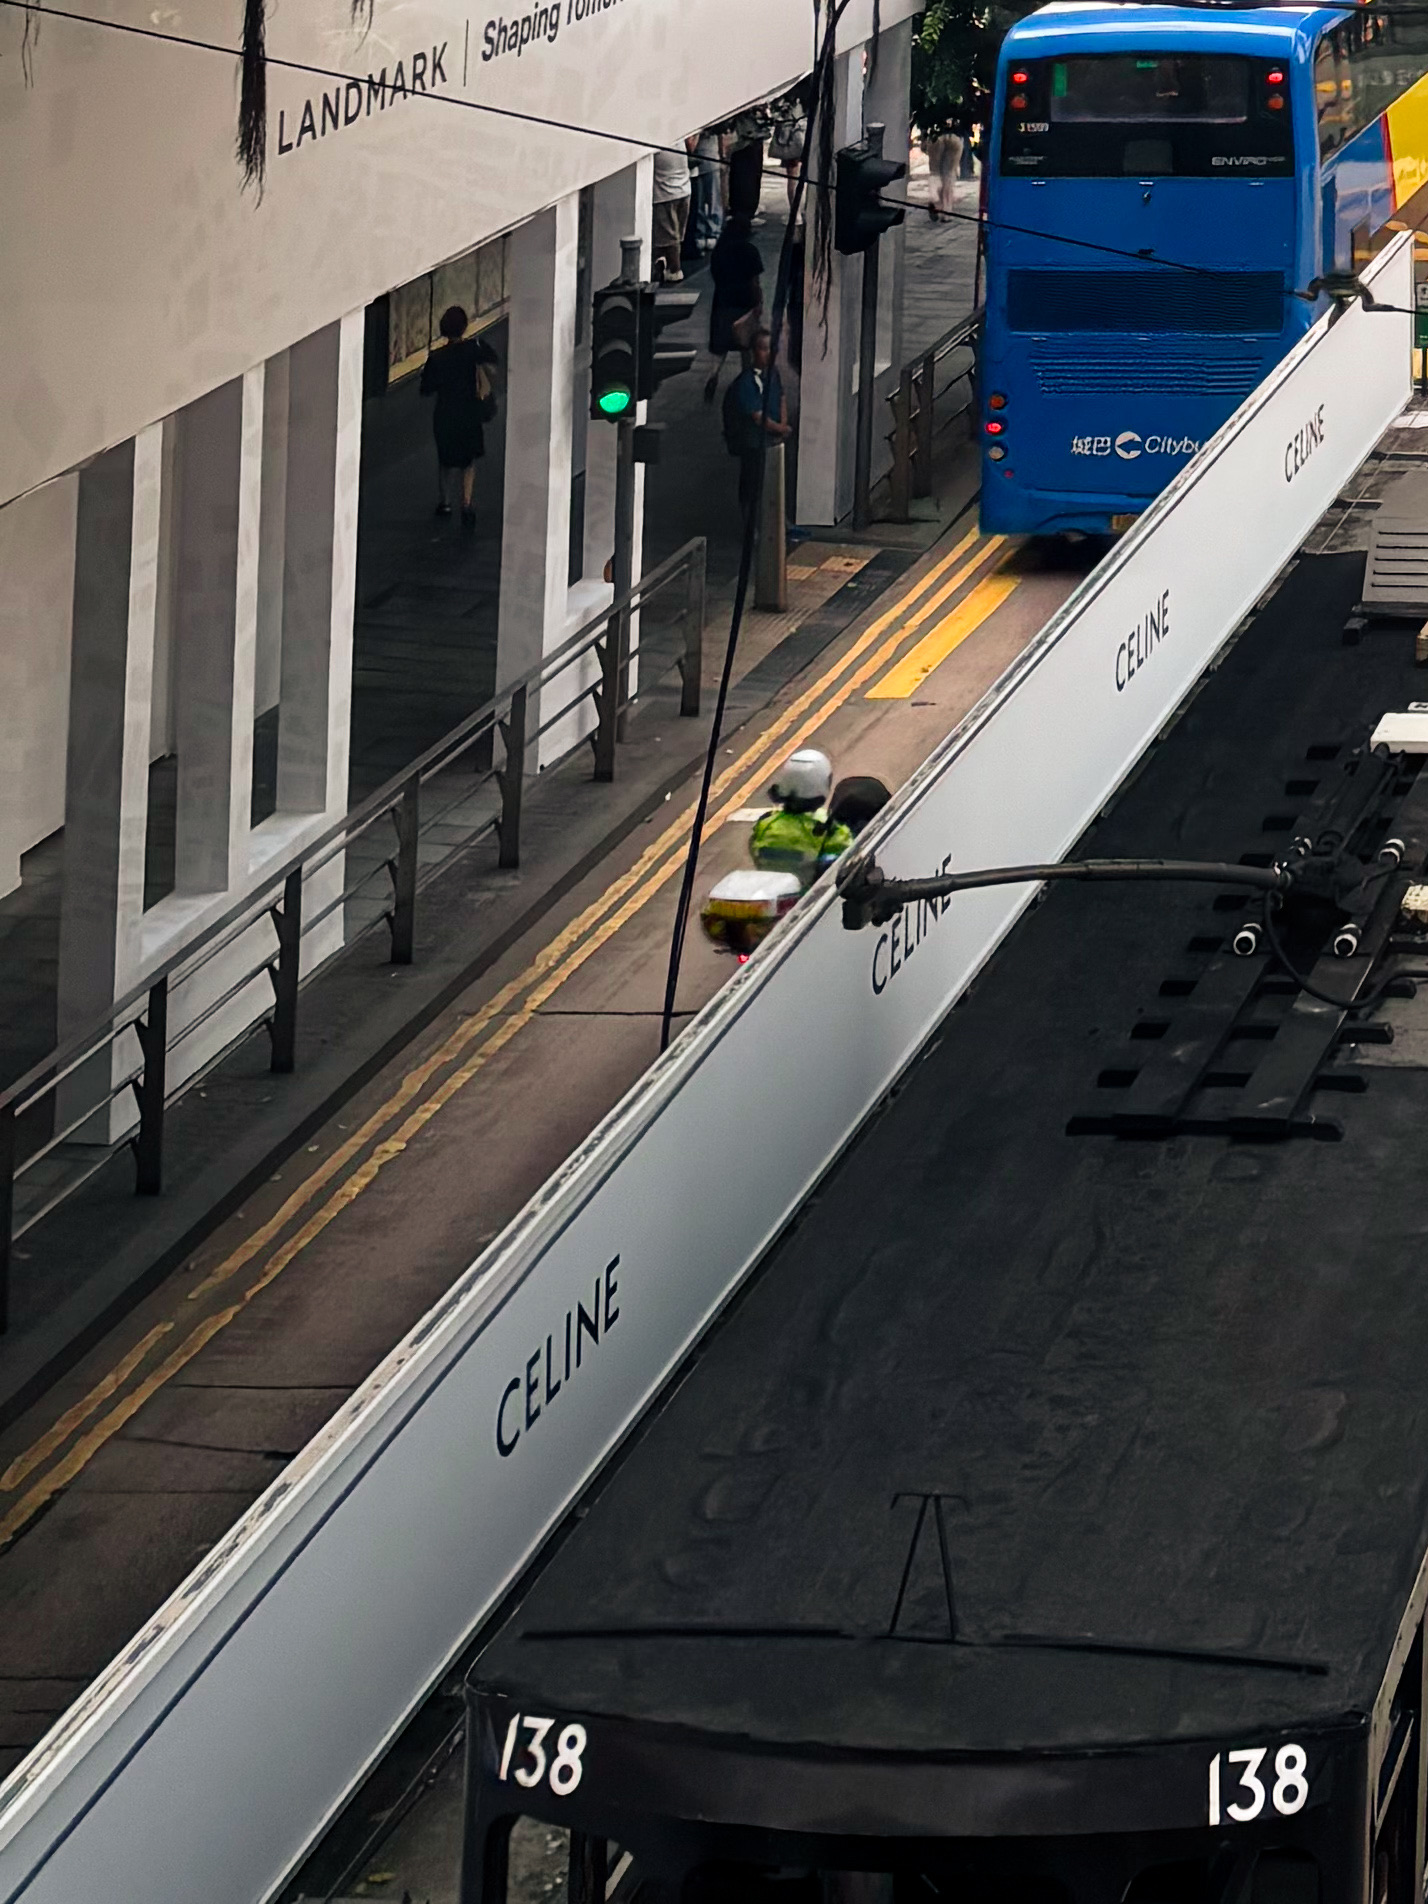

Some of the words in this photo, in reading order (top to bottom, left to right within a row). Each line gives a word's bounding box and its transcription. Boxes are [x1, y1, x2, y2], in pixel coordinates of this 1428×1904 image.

[277, 41, 448, 155] LANDMARK
[481, 1, 561, 62] Shaping
[1145, 435, 1199, 456] Cityb
[1285, 403, 1324, 482] CELINE
[1116, 589, 1169, 692] CELINE
[872, 853, 952, 995] CELINE
[495, 1254, 621, 1458] CELINE
[499, 1712, 587, 1796] 138
[1209, 1743, 1309, 1827] 138
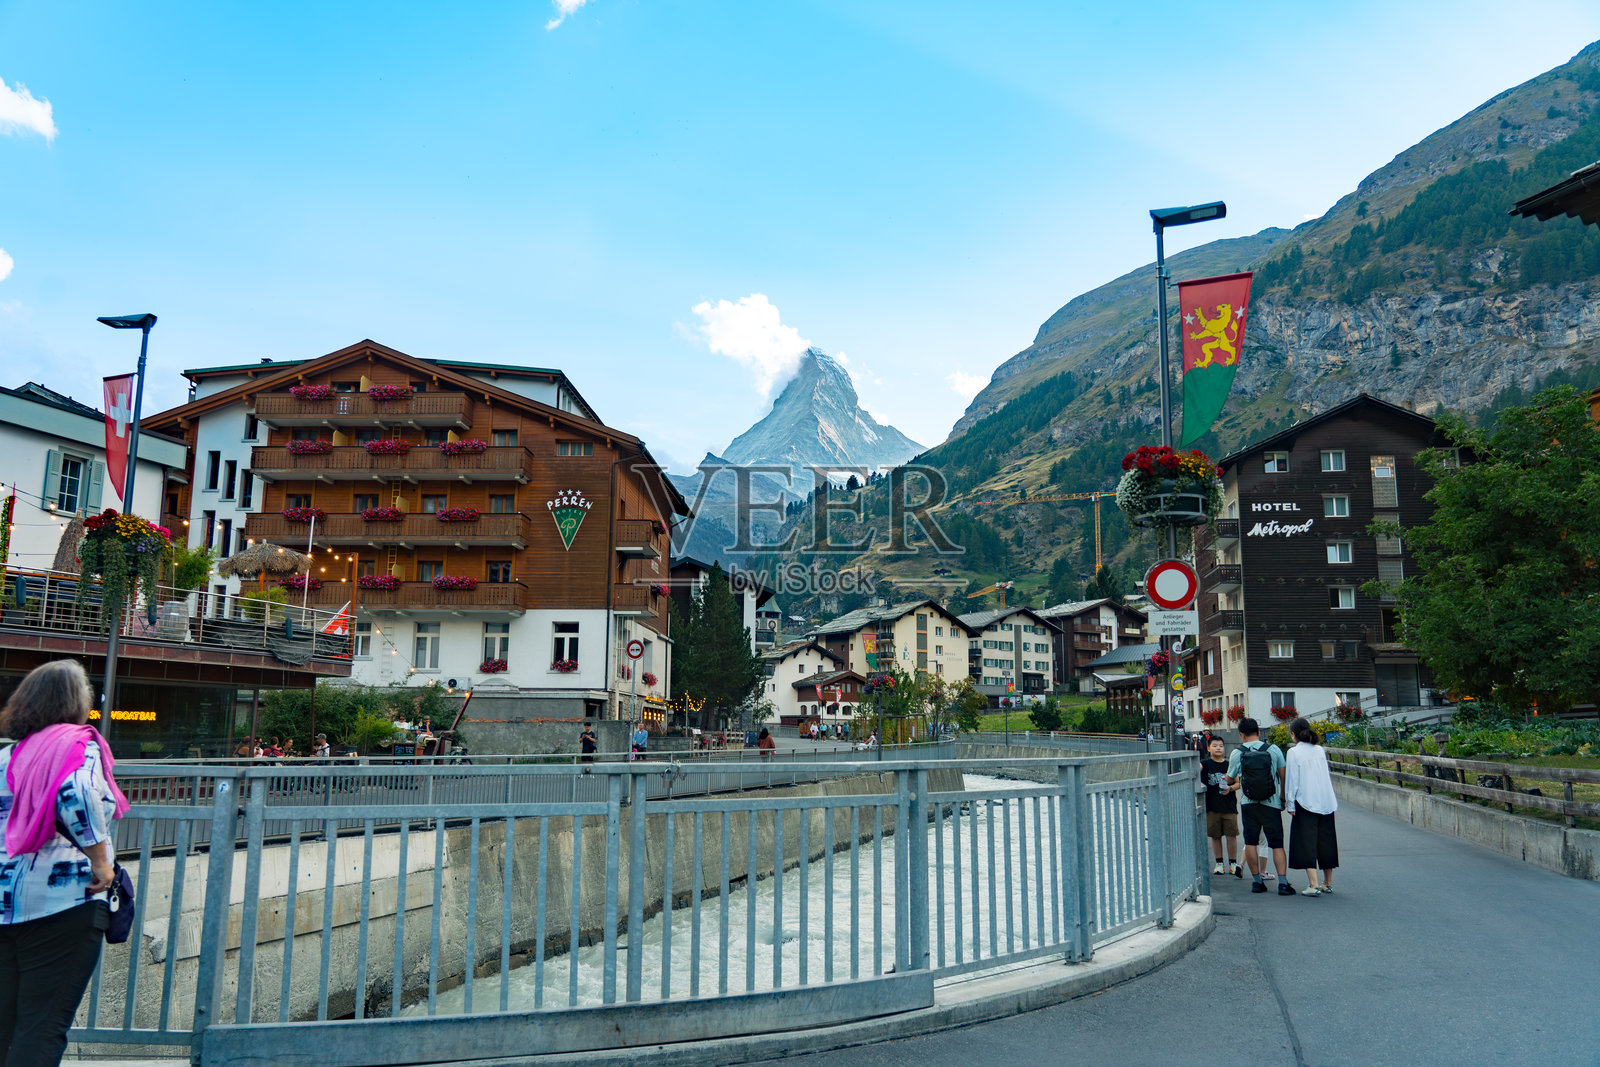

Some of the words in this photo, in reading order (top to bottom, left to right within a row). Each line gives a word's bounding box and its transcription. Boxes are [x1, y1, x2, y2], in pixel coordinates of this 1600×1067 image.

[546, 496, 593, 510] PERREN
[1252, 503, 1300, 512] HOTEL
[1247, 518, 1313, 537] Metropol

********************

--- What is required ---
Could you return all the entries exactly as they appear, minus the pictures?

--- Response to this task ---
Some of the words in this photo, in reading order (top to bottom, left to right within a row). Each line gives a word's bounding box and its transcription. Boxes are [x1, y1, x2, y2], in pixel coordinates of this 1428×1904 image.

[277, 41, 448, 155] LANDMARK
[481, 1, 561, 62] Shaping
[1145, 435, 1199, 456] Cityb
[1285, 403, 1324, 482] CELINE
[1116, 589, 1169, 692] CELINE
[872, 853, 952, 995] CELINE
[495, 1254, 621, 1458] CELINE
[499, 1712, 587, 1796] 138
[1209, 1743, 1309, 1827] 138

Some of the words in this photo, in reading order (top to bottom, left to right within a row). Each line gives a word's bounding box and its transcription. Boxes are [x1, y1, x2, y2], in pixel coordinates of this 1600×1067 image.

[546, 496, 593, 510] PERREN
[1252, 503, 1300, 512] HOTEL
[1247, 518, 1313, 537] Metropol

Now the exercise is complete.